Dua Kali Usir Mitra Kerja, DPR Tunjukkan Kuasanya atas Pemerintah?

Forumterkininews.id, Jakarta - Mengawali tahun 2022 Dewan Perwakilan Rakyat Republik Indonesia (DPR RI) terkesan membuat gaduh dengan arogansi. Pasalnya di pekan kedua awal tahun, Komisi III DPR RI mengusir ketua Komnas Perempuan karena terlambat menghadiri Rapat Kerja.

Kemudian di minggu ketiga awal tahun 2022, giliran Komisi VIII yang mengusir Sekjen Kementerian Sosial, Haryy Hikmat.  Komisi VIII DPR mempersoalkan komunikasi Harry ke Wakil Ketua Komisi VIII DPR Ace Hasan Syadzily yang dinilai tidak pantas.

Ace mengungkapkan, ia sempat dianggap sinis oleh Harry terkait kunjungan kerja Risma. Dimana Risma tidak memberi kabar kepada anggota Komisi VIII dari daerah pemmilihan setempat.

“Terus terang ketika Ibu ke dapil saya, lalu enggak memberitahu kami. Padahal kesepakatan kita bersama setiap kali Ibu Menteri ke dapil setidaknya diberitahu dan itu yang ngatur adalah Sekjen,” kata Ace.

“Sekjen memang waktu itu telah minta maaf, tapi setelah itu nyerocos bu. Bilang apa yang saya lakukan itu sinis. Saya diundang Kementerian Sosial enggak pernah datang. Apa urusannya bicara seperti itu?” ujar Ace melanjutkan.

Politikus Partai Golkar tersebut mengaku tidak mempersoalkan masalah itu secara pribadi, tetapi koleganya di Komisi VIII mendorongnya untuk berbicara soal masalah itu. Menurut Ace, permintaan agar anggota Komisi VIII DPR diberi tahu saat Risma berkunjung ke daerah pemilihan merupakan bentuk pengawasan, bukan sinis.

Tanggapan Pengamat

Peneliti Forum Masyarakat Peduli Parlemen Indonesia (Formappi) Lucius Karus menilai sikap DPR tersebut seolah ingin menunjukkan punya kuasa atas pemerintah. “Yang penting bisa mengekspresikan diri sebagai lembaga yang penuh kuasa atas pemerintah dan karenanya kesalahan kecil saja sudah harus sampai mengusir,” kata Lucius.

BACA JUGA:   Tanggapan AKBP Dody Terkait Manuver Teddy Minahasa

Menurut Lucius, tidak ada alasan yang dapat diterima dari tindakan pengusiran itu. Ia mencontohkan, alasan pengusiran Sekjen Kemensos, Harry Hikmat dari rapat Komisi VIII karena masalah komunikasi yang bermasalah semestinya bisa diselesaikan dengan komunikasi yang baik.

“Tersinggung sedikit langsung usir.
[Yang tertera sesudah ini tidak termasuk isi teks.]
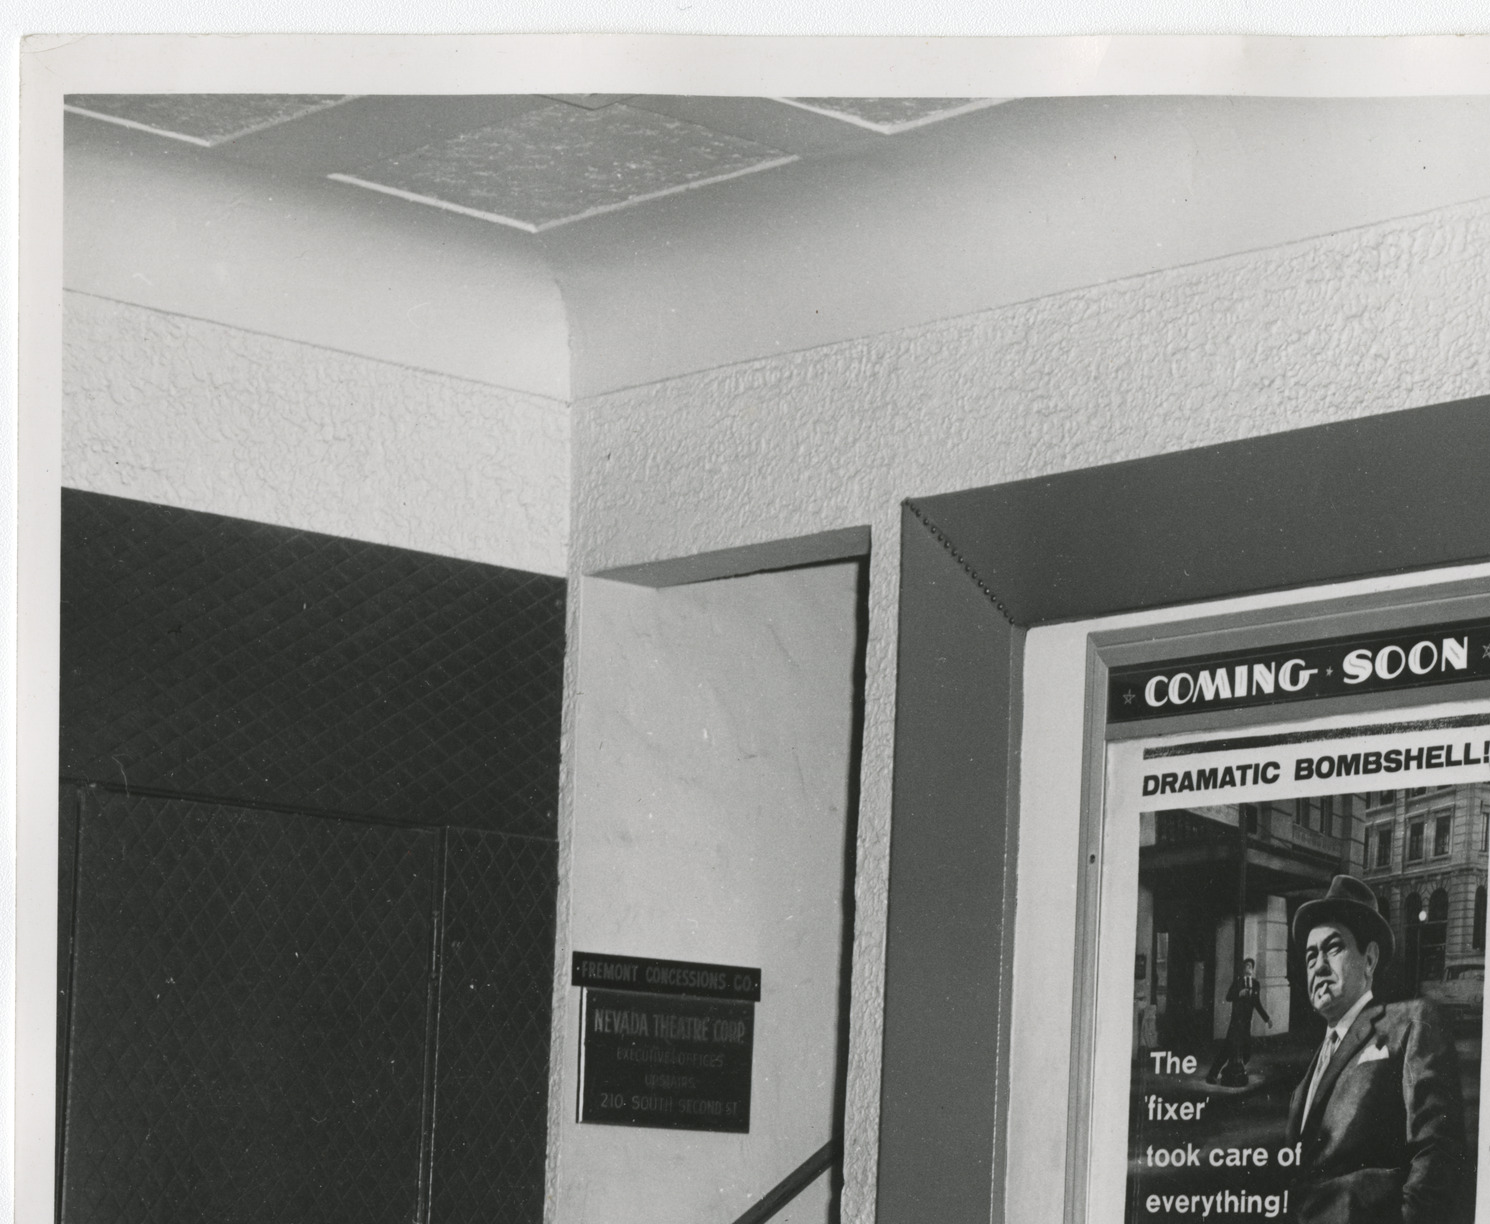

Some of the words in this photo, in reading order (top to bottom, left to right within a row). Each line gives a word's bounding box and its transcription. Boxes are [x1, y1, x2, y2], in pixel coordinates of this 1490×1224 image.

Padahal kalau masalah di komunikasi, maka selesaikan dengan komunikasi yang baik. Dan komunikasi yang baik bukan dengan mengusir Sekjen tetapi mengajaknya berkomunikasi yang baik menurut versi DPR itu,” kata Lucius.

Sementara itu pengamat politik Universitas Al Azhar Ujang Komarudin mengkritik sikap DPR yang mengusir mitra kerjanya dari rapat kerja dalam beberapa waktu terakhir. Ujang berpandangan, pengusiran itu tidak perlu terjadi karena masalah yang memicu pengusiran itu semestinya bisa dibicarakan dengan baik.

“Semua hal itu bisa dibicarakan. Kan ada aturan dan tata tertib dalam rapat. Dihormati saja. Jika ada yang melanggar, ya bisa diingatkan. Seharusnya pengusiran tersebut tak perlu terjadi, karena jika wakil rakyat tersebut diusuir oleh rakyat juga tak enak,” kata Ujang, Kamis (20/1).

Menurut Ujang, sikap DPR tersebut justru tidak menunjukkan sikap orang yang terhormat, padahal DPR ingin disebut sebagai wakil rakyat yang terhormat. “Kelihatannya mereka ingin dihormati lahir batin, ingin dispecialkan. Sehingga ketika ada yang tak berkenan bagi mereka, langsung hajar saja,” ujar Ujang.